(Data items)
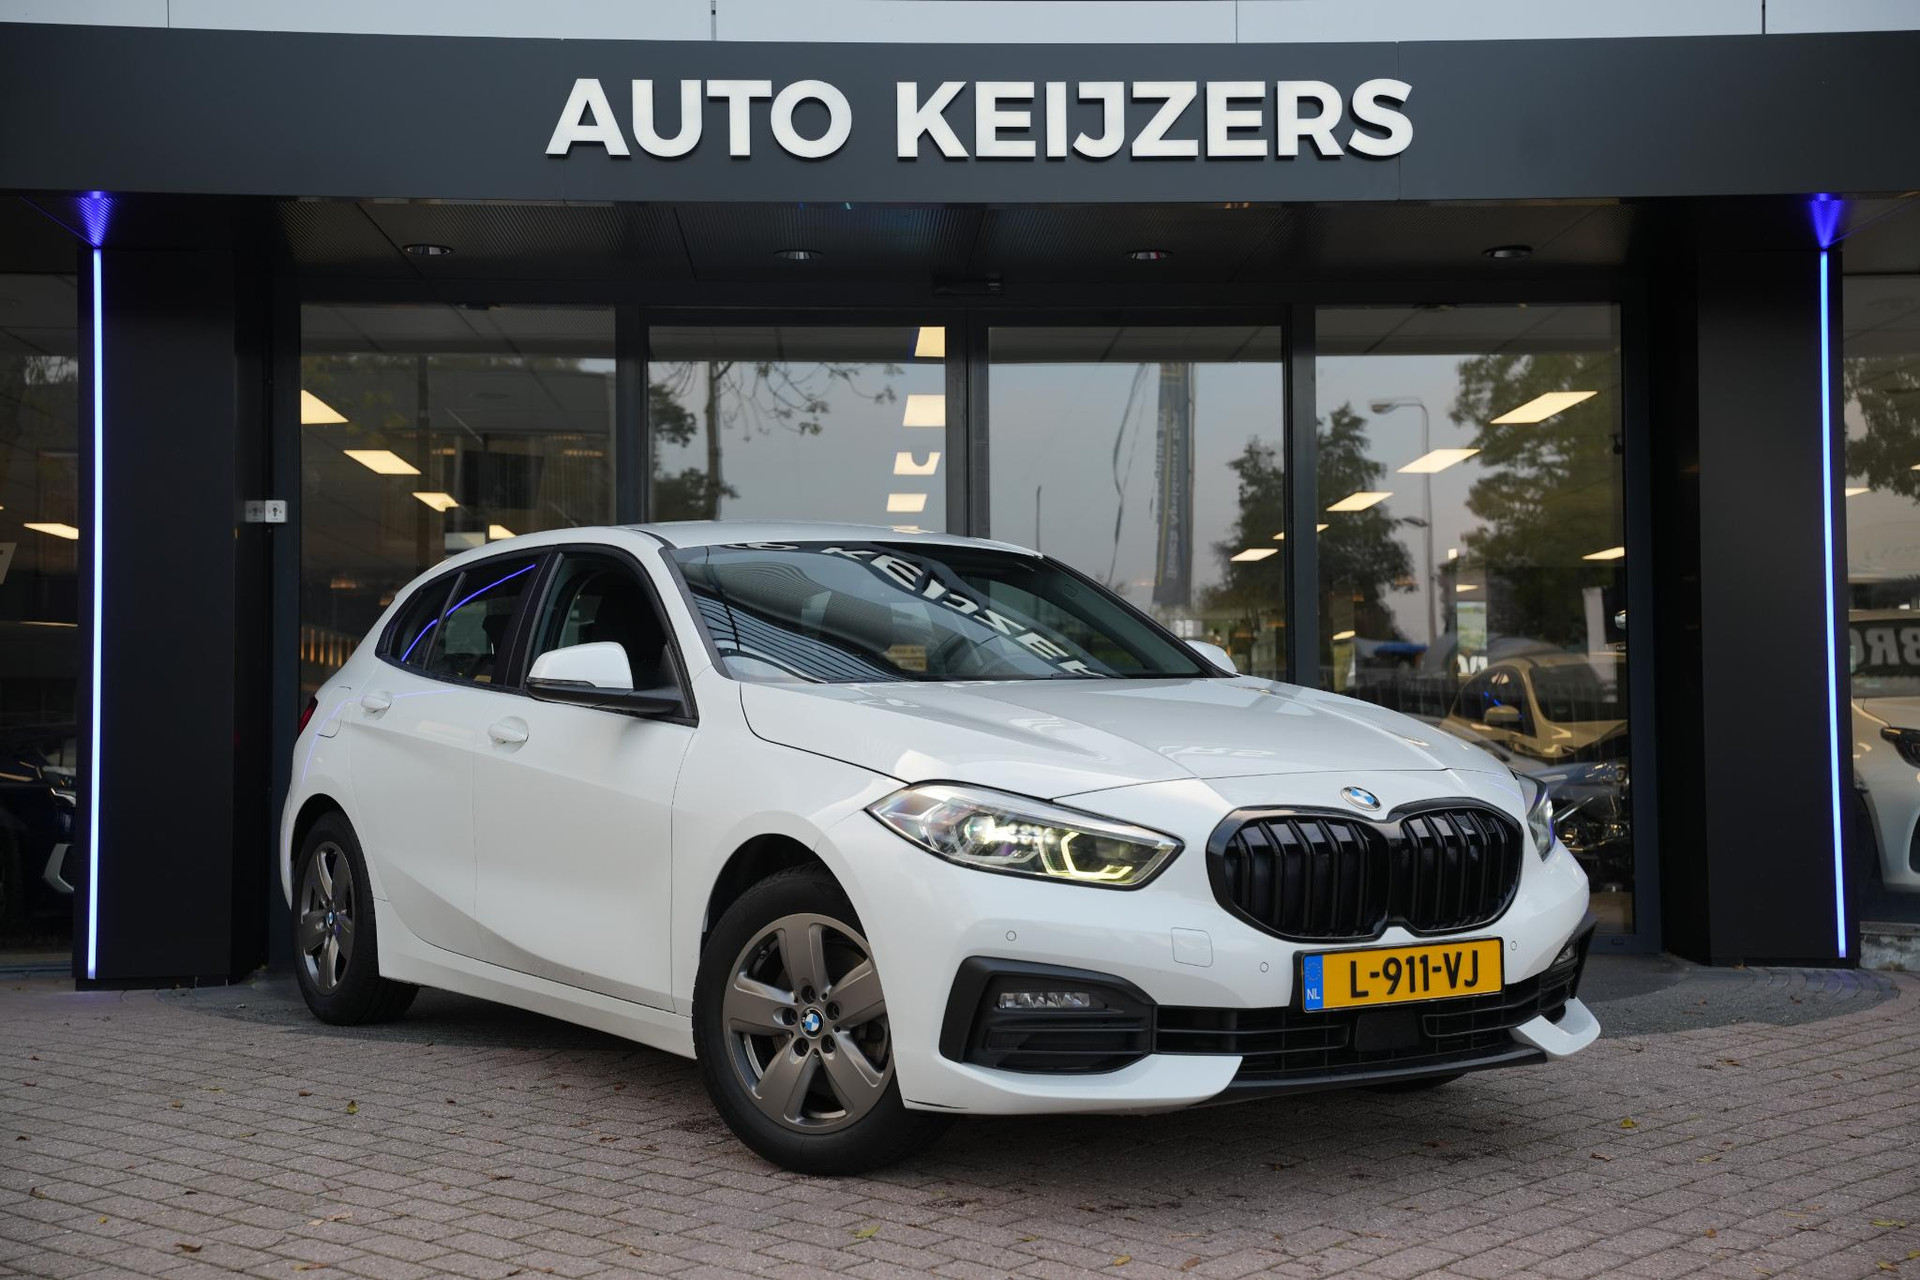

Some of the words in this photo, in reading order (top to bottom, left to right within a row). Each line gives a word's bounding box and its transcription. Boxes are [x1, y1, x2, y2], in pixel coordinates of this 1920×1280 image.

[546, 79, 852, 158] AUTO
[896, 79, 1414, 157] KEIJZERS
[1306, 988, 1321, 1000] NL
[1350, 949, 1479, 999] L-911-VJ

* **Brief**: Start at the first line and set down all of the data exactly, passing over the pictures.

* **Expected output**:
Some of the words in this photo, in reading order (top to bottom, left to right within a row). Each line gives a word's bounding box and its transcription. Boxes are [x1, y1, x2, y2], in pixel coordinates of this 1920×1280 image.

[546, 79, 852, 158] AUTO
[896, 79, 1414, 157] KEIJZERS
[1306, 988, 1321, 1000] NL
[1350, 949, 1479, 999] L-911-VJ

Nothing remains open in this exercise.